* _What the exercise asks_
Please return every record exactly as it appears.

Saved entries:
<<<<

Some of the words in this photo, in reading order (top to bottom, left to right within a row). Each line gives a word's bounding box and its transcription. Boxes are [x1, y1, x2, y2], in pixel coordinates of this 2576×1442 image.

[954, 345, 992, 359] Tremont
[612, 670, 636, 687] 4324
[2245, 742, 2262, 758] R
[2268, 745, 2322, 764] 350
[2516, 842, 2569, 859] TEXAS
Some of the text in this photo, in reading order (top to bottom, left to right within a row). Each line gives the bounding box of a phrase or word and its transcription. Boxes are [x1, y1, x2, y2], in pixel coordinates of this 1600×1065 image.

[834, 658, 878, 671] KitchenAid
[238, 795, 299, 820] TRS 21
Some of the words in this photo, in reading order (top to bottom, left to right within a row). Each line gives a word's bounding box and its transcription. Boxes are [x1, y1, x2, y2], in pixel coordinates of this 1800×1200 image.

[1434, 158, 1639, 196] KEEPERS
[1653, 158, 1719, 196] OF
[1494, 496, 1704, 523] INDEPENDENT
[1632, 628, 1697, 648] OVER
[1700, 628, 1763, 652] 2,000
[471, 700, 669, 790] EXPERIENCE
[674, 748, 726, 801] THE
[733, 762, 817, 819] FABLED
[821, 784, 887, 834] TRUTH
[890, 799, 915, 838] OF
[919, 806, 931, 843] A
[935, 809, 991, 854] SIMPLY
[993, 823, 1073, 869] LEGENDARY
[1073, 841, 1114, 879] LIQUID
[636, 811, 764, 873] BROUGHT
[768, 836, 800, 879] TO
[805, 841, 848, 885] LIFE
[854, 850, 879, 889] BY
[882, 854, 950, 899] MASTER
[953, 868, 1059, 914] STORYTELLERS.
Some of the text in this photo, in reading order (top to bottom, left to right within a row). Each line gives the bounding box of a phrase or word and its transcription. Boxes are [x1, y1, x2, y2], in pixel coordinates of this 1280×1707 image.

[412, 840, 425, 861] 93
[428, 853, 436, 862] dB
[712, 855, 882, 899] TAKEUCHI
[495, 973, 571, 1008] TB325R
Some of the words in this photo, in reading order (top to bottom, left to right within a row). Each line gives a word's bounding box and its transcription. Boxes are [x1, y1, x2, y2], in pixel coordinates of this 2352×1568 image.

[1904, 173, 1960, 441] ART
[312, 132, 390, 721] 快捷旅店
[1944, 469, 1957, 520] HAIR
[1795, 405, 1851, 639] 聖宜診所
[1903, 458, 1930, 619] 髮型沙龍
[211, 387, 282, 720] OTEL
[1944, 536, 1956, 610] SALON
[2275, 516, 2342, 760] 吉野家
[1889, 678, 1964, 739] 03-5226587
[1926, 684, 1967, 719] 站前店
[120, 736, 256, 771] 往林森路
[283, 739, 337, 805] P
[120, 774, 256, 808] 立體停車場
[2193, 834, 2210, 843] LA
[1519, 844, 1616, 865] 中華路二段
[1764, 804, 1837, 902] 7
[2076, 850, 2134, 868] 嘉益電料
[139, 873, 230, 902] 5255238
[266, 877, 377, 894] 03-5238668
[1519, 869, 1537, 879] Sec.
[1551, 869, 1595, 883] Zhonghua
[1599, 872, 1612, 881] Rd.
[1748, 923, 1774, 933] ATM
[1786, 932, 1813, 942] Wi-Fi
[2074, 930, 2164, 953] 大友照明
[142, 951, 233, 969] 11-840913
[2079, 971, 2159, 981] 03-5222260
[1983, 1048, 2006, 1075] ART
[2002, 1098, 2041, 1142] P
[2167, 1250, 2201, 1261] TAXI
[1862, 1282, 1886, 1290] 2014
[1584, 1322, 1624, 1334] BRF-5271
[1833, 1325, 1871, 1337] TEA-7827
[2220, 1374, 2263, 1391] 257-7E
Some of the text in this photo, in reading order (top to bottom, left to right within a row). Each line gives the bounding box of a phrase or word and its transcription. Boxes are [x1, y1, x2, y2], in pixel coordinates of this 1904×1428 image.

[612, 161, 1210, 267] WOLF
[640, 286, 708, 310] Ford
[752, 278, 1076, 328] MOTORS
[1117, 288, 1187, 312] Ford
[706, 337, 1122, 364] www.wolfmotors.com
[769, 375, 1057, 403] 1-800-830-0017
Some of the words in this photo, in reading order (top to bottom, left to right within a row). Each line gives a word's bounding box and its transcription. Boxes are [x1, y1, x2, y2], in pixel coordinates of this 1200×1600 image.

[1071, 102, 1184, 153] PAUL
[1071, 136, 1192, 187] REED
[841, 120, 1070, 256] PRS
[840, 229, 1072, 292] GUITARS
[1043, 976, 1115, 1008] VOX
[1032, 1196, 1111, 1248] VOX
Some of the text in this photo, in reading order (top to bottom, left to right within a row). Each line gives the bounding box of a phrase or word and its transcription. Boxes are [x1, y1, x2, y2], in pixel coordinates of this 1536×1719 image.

>>>>

* _Response to the task_
Some of the words in this photo, in reading order (top to bottom, left to right within a row). Each line gives a word's bounding box and its transcription. Boxes are [x1, y1, x2, y2], in pixel coordinates of this 2576×1442 image.

[954, 345, 992, 359] Tremont
[612, 670, 636, 687] 4324
[2245, 742, 2262, 758] R
[2268, 745, 2322, 764] 350
[2516, 842, 2569, 859] TEXAS
Some of the text in this photo, in reading order (top to bottom, left to right within a row). Each line gives the bounding box of a phrase or word and its transcription. Boxes are [x1, y1, x2, y2], in pixel coordinates of this 1600×1065 image.

[834, 658, 878, 671] KitchenAid
[238, 795, 299, 820] TRS 21
Some of the words in this photo, in reading order (top to bottom, left to right within a row). Each line gives a word's bounding box and its transcription. Boxes are [x1, y1, x2, y2], in pixel coordinates of this 1800×1200 image.

[1434, 158, 1639, 196] KEEPERS
[1653, 158, 1719, 196] OF
[1494, 496, 1704, 523] INDEPENDENT
[1632, 628, 1697, 648] OVER
[1700, 628, 1763, 652] 2,000
[471, 700, 669, 790] EXPERIENCE
[674, 748, 726, 801] THE
[733, 762, 817, 819] FABLED
[821, 784, 887, 834] TRUTH
[890, 799, 915, 838] OF
[919, 806, 931, 843] A
[935, 809, 991, 854] SIMPLY
[993, 823, 1073, 869] LEGENDARY
[1073, 841, 1114, 879] LIQUID
[636, 811, 764, 873] BROUGHT
[768, 836, 800, 879] TO
[805, 841, 848, 885] LIFE
[854, 850, 879, 889] BY
[882, 854, 950, 899] MASTER
[953, 868, 1059, 914] STORYTELLERS.
Some of the text in this photo, in reading order (top to bottom, left to right within a row). Each line gives the bounding box of a phrase or word and its transcription. Boxes are [x1, y1, x2, y2], in pixel coordinates of this 1280×1707 image.

[412, 840, 425, 861] 93
[428, 853, 436, 862] dB
[712, 855, 882, 899] TAKEUCHI
[495, 973, 571, 1008] TB325R
Some of the words in this photo, in reading order (top to bottom, left to right within a row). Each line gives a word's bounding box and its transcription. Boxes are [x1, y1, x2, y2], in pixel coordinates of this 2352×1568 image.

[1904, 173, 1960, 441] ART
[312, 132, 390, 721] 快捷旅店
[1944, 469, 1957, 520] HAIR
[1795, 405, 1851, 639] 聖宜診所
[1903, 458, 1930, 619] 髮型沙龍
[211, 387, 282, 720] OTEL
[1944, 536, 1956, 610] SALON
[2275, 516, 2342, 760] 吉野家
[1889, 678, 1964, 739] 03-5226587
[1926, 684, 1967, 719] 站前店
[120, 736, 256, 771] 往林森路
[283, 739, 337, 805] P
[120, 774, 256, 808] 立體停車場
[2193, 834, 2210, 843] LA
[1519, 844, 1616, 865] 中華路二段
[1764, 804, 1837, 902] 7
[2076, 850, 2134, 868] 嘉益電料
[139, 873, 230, 902] 5255238
[266, 877, 377, 894] 03-5238668
[1519, 869, 1537, 879] Sec.
[1551, 869, 1595, 883] Zhonghua
[1599, 872, 1612, 881] Rd.
[1748, 923, 1774, 933] ATM
[1786, 932, 1813, 942] Wi-Fi
[2074, 930, 2164, 953] 大友照明
[142, 951, 233, 969] 11-840913
[2079, 971, 2159, 981] 03-5222260
[1983, 1048, 2006, 1075] ART
[2002, 1098, 2041, 1142] P
[2167, 1250, 2201, 1261] TAXI
[1862, 1282, 1886, 1290] 2014
[1584, 1322, 1624, 1334] BRF-5271
[1833, 1325, 1871, 1337] TEA-7827
[2220, 1374, 2263, 1391] 257-7E
Some of the text in this photo, in reading order (top to bottom, left to right within a row). Each line gives the bounding box of a phrase or word and its transcription. Boxes are [x1, y1, x2, y2], in pixel coordinates of this 1904×1428 image.

[612, 161, 1210, 267] WOLF
[640, 286, 708, 310] Ford
[752, 278, 1076, 328] MOTORS
[1117, 288, 1187, 312] Ford
[706, 337, 1122, 364] www.wolfmotors.com
[769, 375, 1057, 403] 1-800-830-0017
Some of the words in this photo, in reading order (top to bottom, left to right within a row). Each line gives a word's bounding box and its transcription. Boxes are [x1, y1, x2, y2], in pixel coordinates of this 1200×1600 image.

[1071, 102, 1184, 153] PAUL
[1071, 136, 1192, 187] REED
[841, 120, 1070, 256] PRS
[840, 229, 1072, 292] GUITARS
[1043, 976, 1115, 1008] VOX
[1032, 1196, 1111, 1248] VOX
Some of the text in this photo, in reading order (top to bottom, left to right within a row). Each line gives the bounding box of a phrase or word and its transcription. Boxes are [x1, y1, x2, y2], in pixel coordinates of this 1536×1719 image.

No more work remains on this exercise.